[What is needed]:
What you return should be the full listing, copied exactly and stripped of its pictures.

[Data for review]:

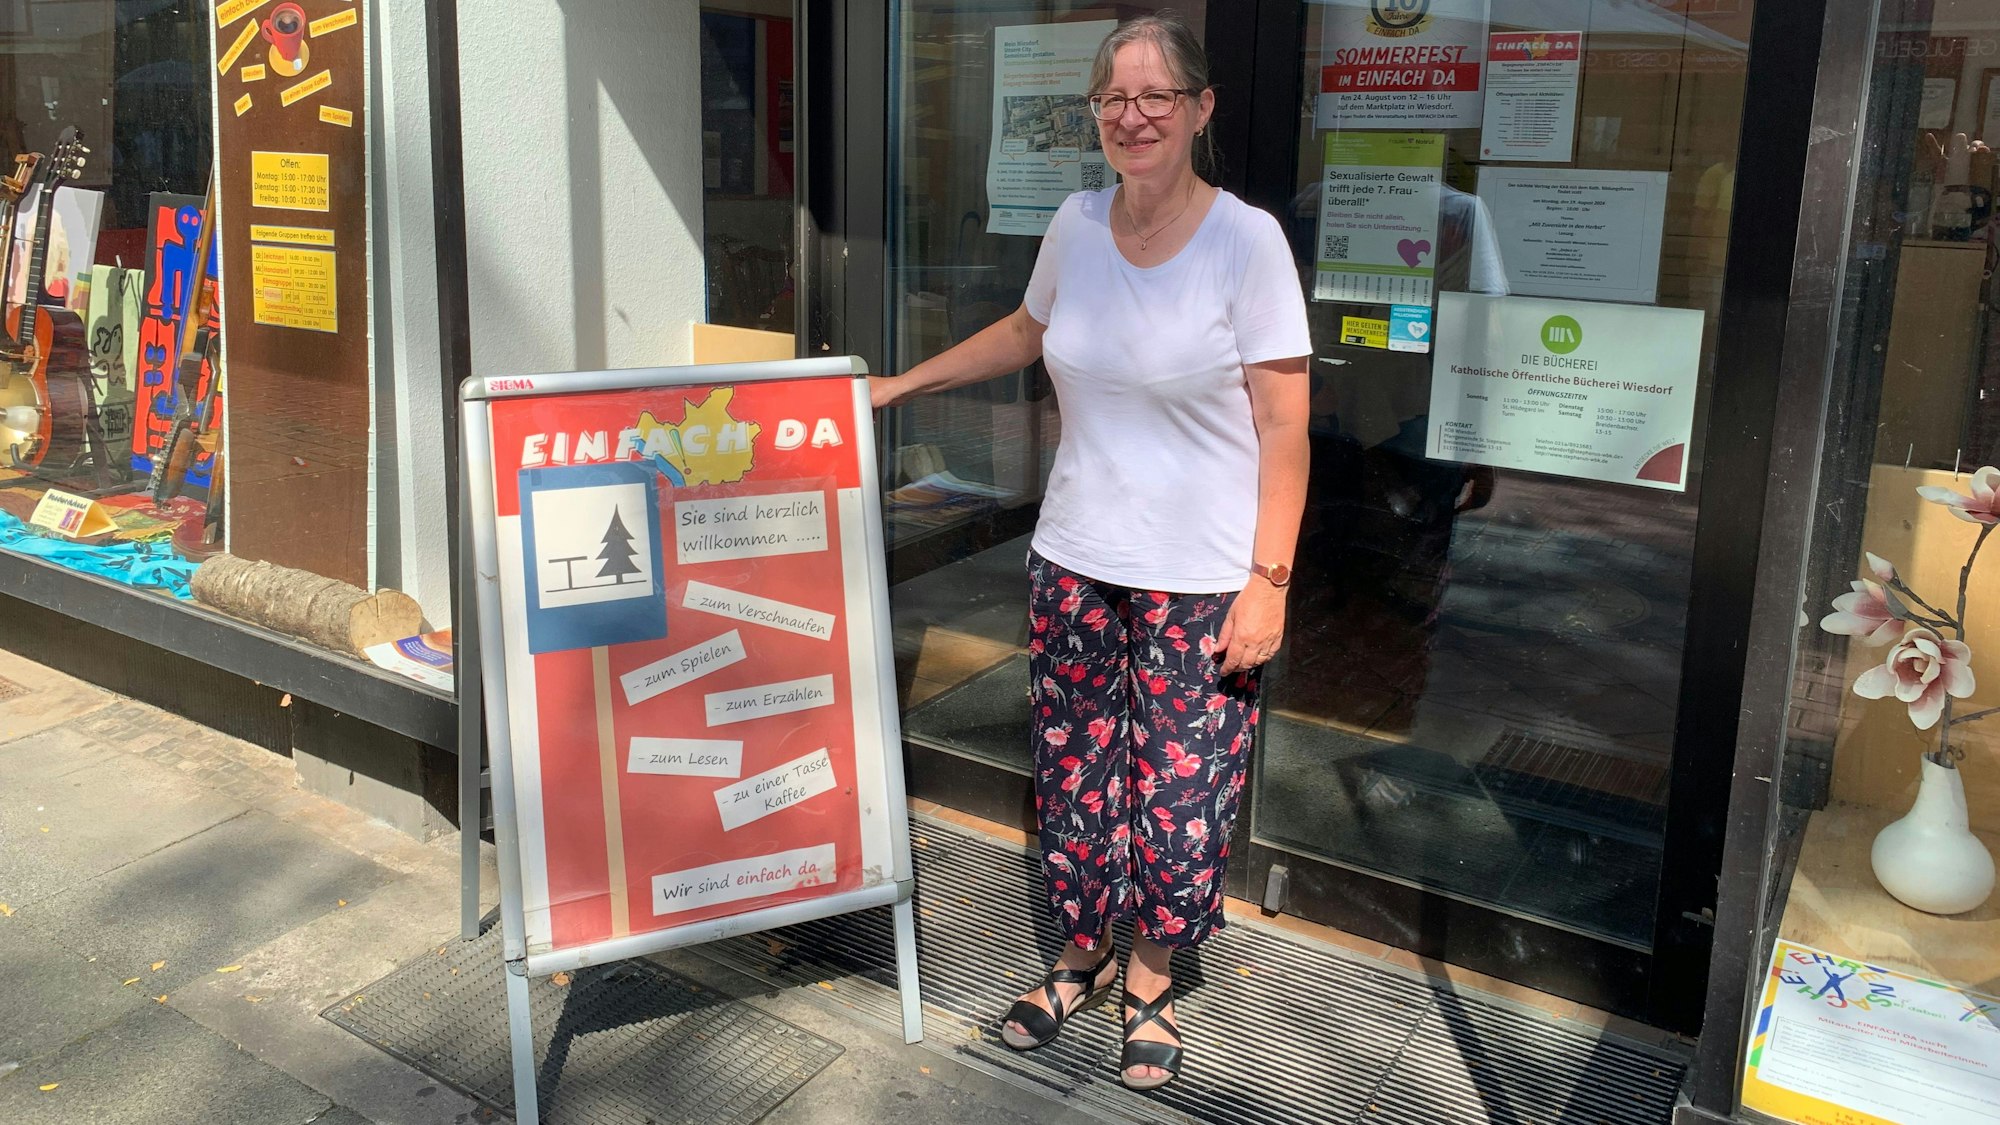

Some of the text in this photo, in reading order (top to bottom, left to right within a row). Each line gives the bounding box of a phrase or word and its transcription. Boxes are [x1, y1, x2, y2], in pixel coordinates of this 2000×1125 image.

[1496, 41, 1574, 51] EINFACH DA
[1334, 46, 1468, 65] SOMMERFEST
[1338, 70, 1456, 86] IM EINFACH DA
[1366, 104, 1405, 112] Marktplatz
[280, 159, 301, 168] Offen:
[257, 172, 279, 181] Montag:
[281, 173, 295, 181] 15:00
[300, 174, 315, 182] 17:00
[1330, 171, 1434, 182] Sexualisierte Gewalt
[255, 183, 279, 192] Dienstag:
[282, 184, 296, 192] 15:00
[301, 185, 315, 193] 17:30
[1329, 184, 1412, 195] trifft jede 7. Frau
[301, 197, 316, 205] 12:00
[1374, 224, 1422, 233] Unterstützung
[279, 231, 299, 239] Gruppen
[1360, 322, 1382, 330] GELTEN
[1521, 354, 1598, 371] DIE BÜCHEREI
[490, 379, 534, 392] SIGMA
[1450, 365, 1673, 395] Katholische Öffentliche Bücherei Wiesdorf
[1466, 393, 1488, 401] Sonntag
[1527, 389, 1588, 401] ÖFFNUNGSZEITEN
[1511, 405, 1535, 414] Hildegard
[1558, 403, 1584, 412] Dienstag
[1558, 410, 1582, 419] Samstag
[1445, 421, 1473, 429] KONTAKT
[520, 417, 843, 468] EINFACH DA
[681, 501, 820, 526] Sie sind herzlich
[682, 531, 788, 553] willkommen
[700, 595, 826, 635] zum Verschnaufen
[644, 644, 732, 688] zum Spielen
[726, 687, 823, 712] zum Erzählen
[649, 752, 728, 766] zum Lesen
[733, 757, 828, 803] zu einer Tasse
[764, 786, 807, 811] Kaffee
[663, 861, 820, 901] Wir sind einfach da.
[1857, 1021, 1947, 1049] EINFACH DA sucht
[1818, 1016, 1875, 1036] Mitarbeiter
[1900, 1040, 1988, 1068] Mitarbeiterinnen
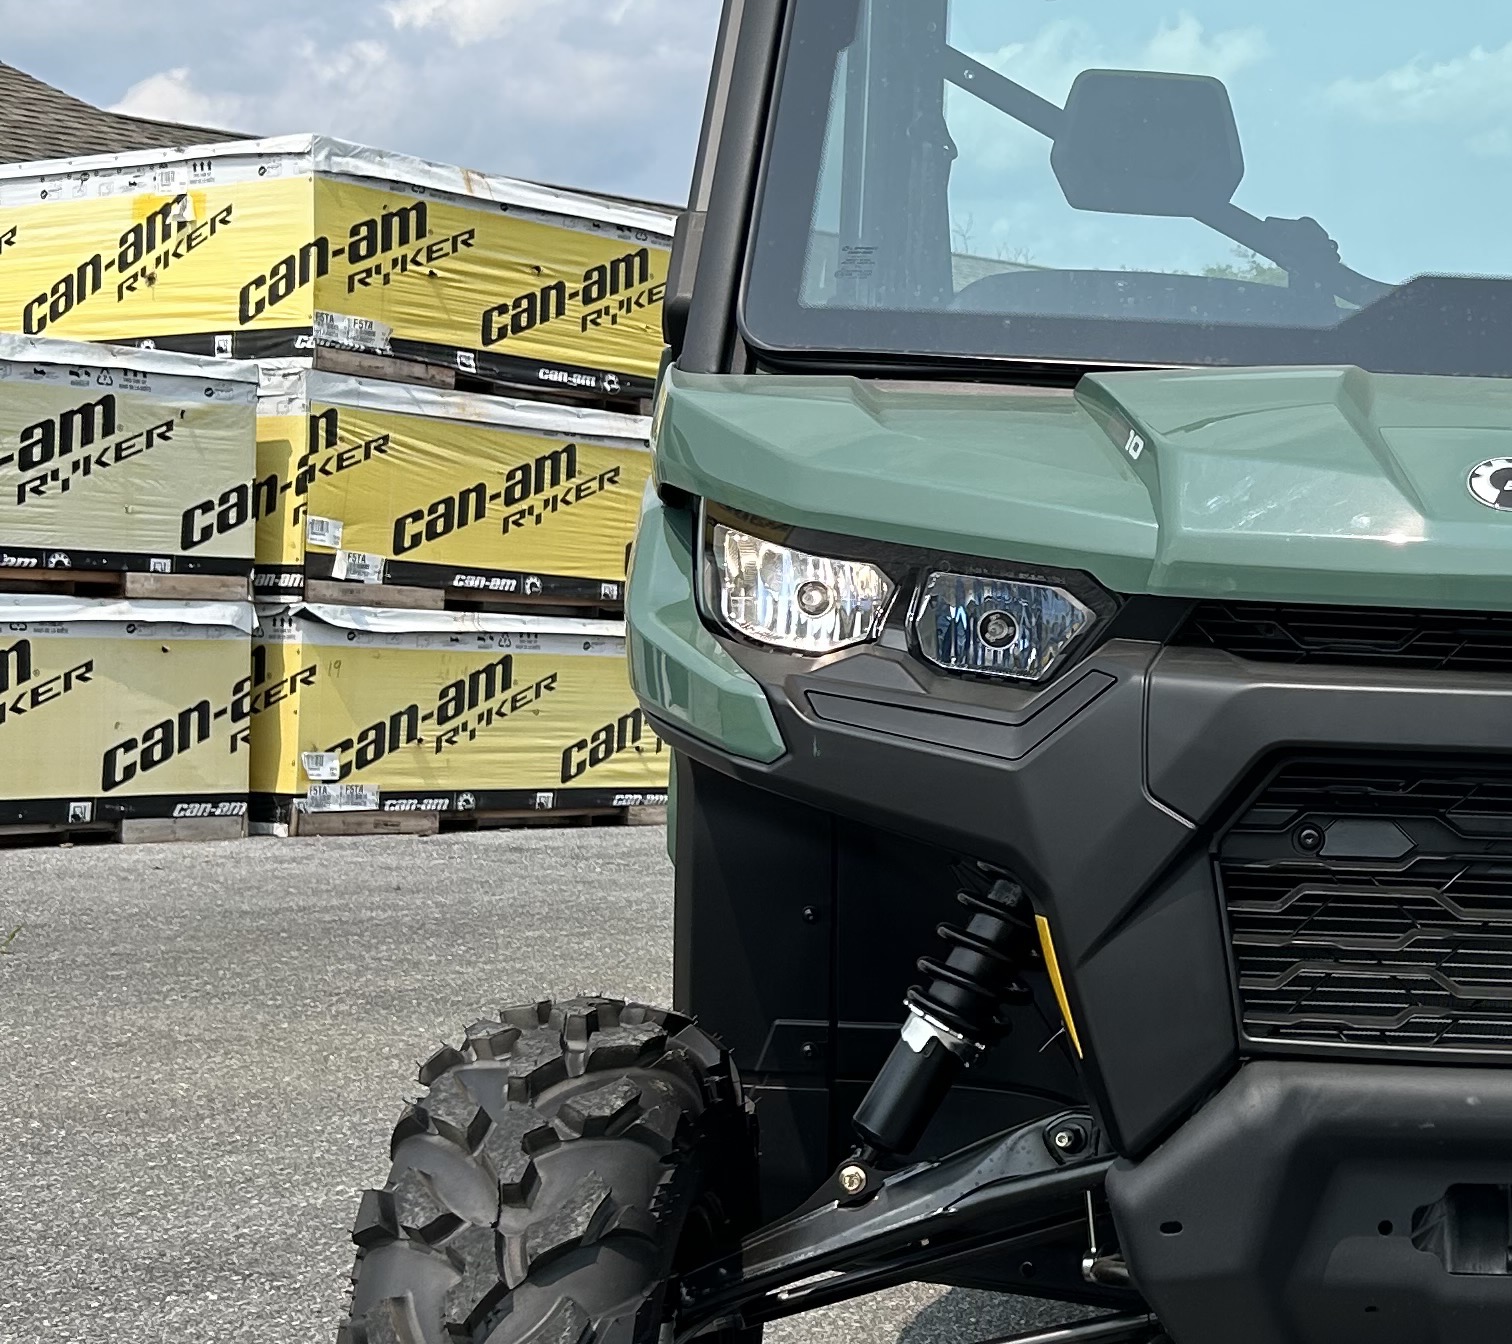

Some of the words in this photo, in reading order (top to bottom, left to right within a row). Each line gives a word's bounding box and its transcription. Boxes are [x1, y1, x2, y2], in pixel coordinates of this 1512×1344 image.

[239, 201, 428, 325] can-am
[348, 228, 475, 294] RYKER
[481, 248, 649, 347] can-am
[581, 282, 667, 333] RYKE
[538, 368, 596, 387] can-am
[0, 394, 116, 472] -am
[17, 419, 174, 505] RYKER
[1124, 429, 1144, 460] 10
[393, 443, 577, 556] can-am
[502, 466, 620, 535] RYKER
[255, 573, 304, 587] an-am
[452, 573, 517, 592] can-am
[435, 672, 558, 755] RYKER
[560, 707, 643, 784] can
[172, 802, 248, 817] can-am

[Problem solution]:
Some of the text in this photo, in reading order (top to bottom, left to right within a row). Each line gives the bounding box of a phrase or word and its transcription. Boxes are [x1, y1, x2, y2], in pixel coordinates of this 2000×1125 image.

[1496, 41, 1574, 51] EINFACH DA
[1334, 46, 1468, 65] SOMMERFEST
[1338, 70, 1456, 86] IM EINFACH DA
[1366, 104, 1405, 112] Marktplatz
[280, 159, 301, 168] Offen:
[257, 172, 279, 181] Montag:
[281, 173, 295, 181] 15:00
[300, 174, 315, 182] 17:00
[1330, 171, 1434, 182] Sexualisierte Gewalt
[255, 183, 279, 192] Dienstag:
[282, 184, 296, 192] 15:00
[301, 185, 315, 193] 17:30
[1329, 184, 1412, 195] trifft jede 7. Frau
[301, 197, 316, 205] 12:00
[1374, 224, 1422, 233] Unterstützung
[279, 231, 299, 239] Gruppen
[1360, 322, 1382, 330] GELTEN
[1521, 354, 1598, 371] DIE BÜCHEREI
[490, 379, 534, 392] SIGMA
[1450, 365, 1673, 395] Katholische Öffentliche Bücherei Wiesdorf
[1466, 393, 1488, 401] Sonntag
[1527, 389, 1588, 401] ÖFFNUNGSZEITEN
[1511, 405, 1535, 414] Hildegard
[1558, 403, 1584, 412] Dienstag
[1558, 410, 1582, 419] Samstag
[1445, 421, 1473, 429] KONTAKT
[520, 417, 843, 468] EINFACH DA
[681, 501, 820, 526] Sie sind herzlich
[682, 531, 788, 553] willkommen
[700, 595, 826, 635] zum Verschnaufen
[644, 644, 732, 688] zum Spielen
[726, 687, 823, 712] zum Erzählen
[649, 752, 728, 766] zum Lesen
[733, 757, 828, 803] zu einer Tasse
[764, 786, 807, 811] Kaffee
[663, 861, 820, 901] Wir sind einfach da.
[1857, 1021, 1947, 1049] EINFACH DA sucht
[1818, 1016, 1875, 1036] Mitarbeiter
[1900, 1040, 1988, 1068] Mitarbeiterinnen

Some of the words in this photo, in reading order (top to bottom, left to right within a row). Each line gives a word's bounding box and its transcription. Boxes are [x1, y1, x2, y2], in pixel coordinates of this 1512×1344 image.

[239, 201, 428, 325] can-am
[348, 228, 475, 294] RYKER
[481, 248, 649, 347] can-am
[581, 282, 667, 333] RYKE
[538, 368, 596, 387] can-am
[0, 394, 116, 472] -am
[17, 419, 174, 505] RYKER
[1124, 429, 1144, 460] 10
[393, 443, 577, 556] can-am
[502, 466, 620, 535] RYKER
[255, 573, 304, 587] an-am
[452, 573, 517, 592] can-am
[435, 672, 558, 755] RYKER
[560, 707, 643, 784] can
[172, 802, 248, 817] can-am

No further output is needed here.